Give the data below again exactly as written, without its pictures.

***** RECORDS PROVIDED *****

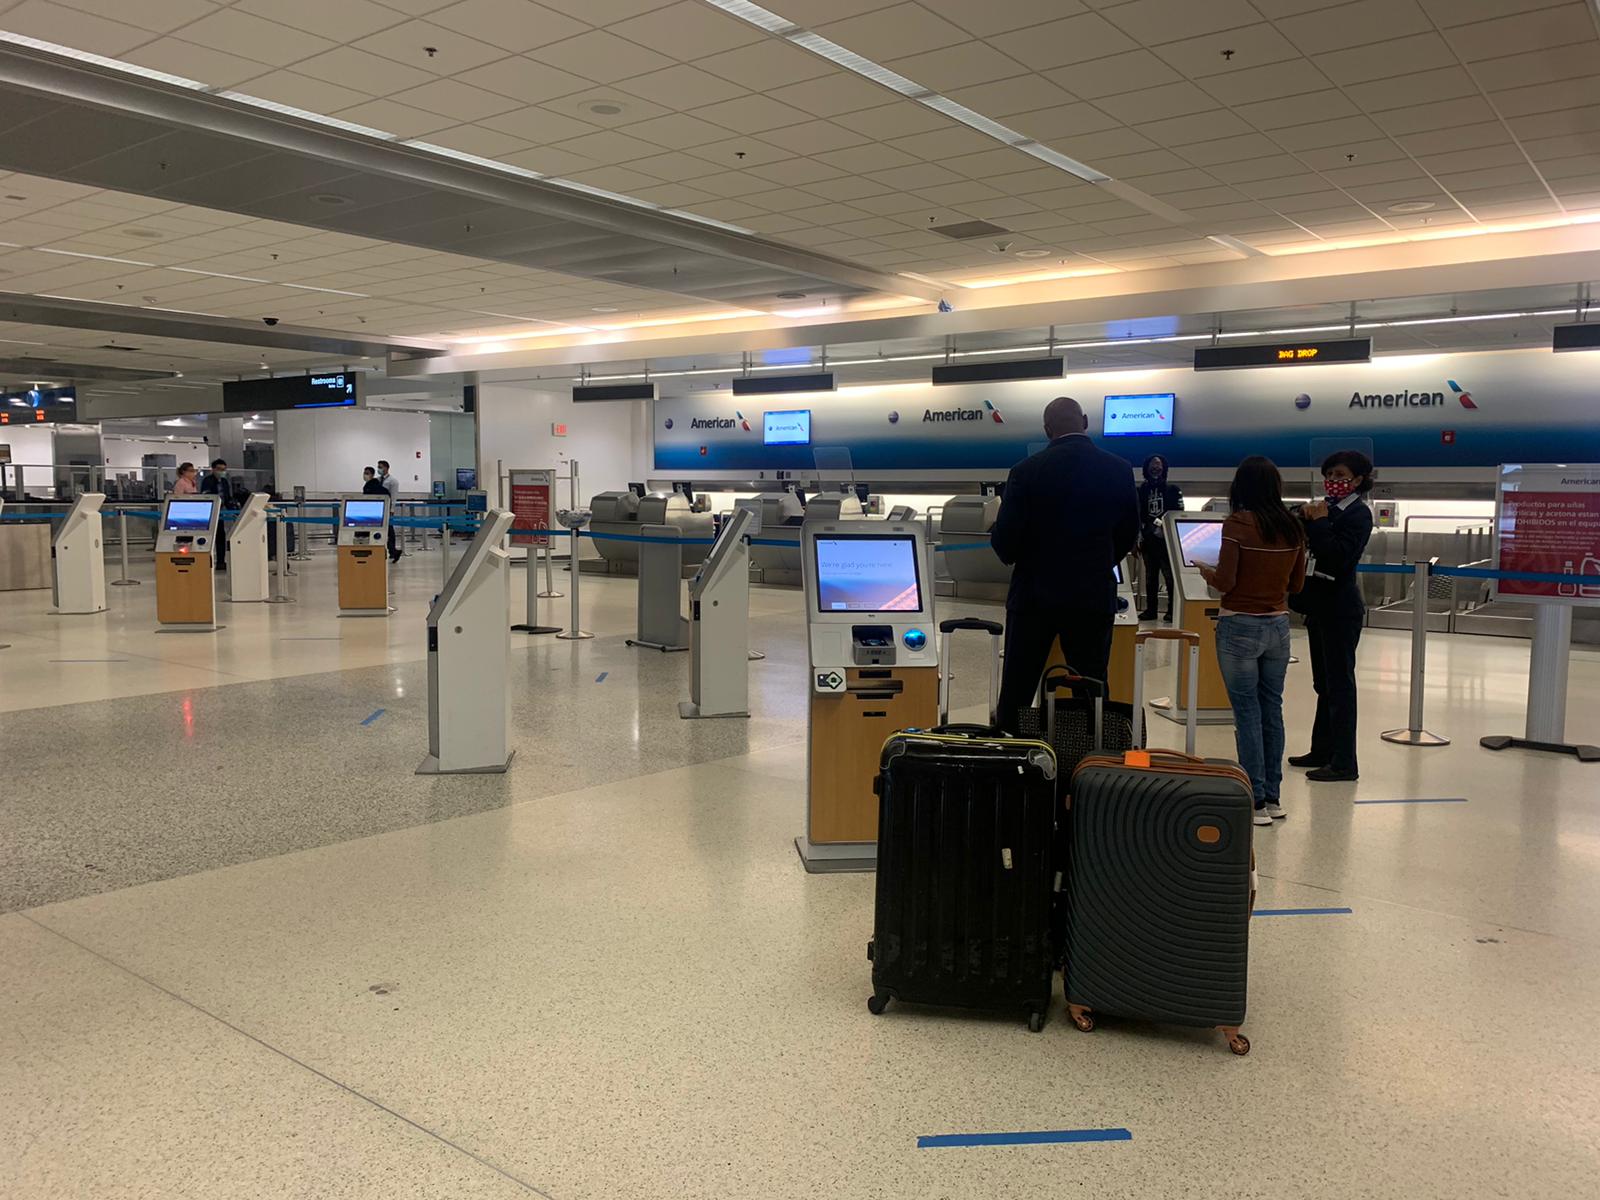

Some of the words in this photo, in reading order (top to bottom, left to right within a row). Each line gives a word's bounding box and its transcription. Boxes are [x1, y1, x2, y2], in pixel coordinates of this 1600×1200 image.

[1278, 350, 1294, 359] BAG
[1297, 348, 1318, 358] DROP
[1349, 390, 1444, 409] American
[922, 407, 983, 423] American
[691, 416, 736, 429] American
[1516, 518, 1556, 526] OHIBIDOS

*****

**ANSWER BELOW:**
Some of the words in this photo, in reading order (top to bottom, left to right within a row). Each line gives a word's bounding box and its transcription. Boxes are [x1, y1, x2, y2], in pixel coordinates of this 1600×1200 image.

[1278, 350, 1294, 359] BAG
[1297, 348, 1318, 358] DROP
[1349, 390, 1444, 409] American
[922, 407, 983, 423] American
[691, 416, 736, 429] American
[1516, 518, 1556, 526] OHIBIDOS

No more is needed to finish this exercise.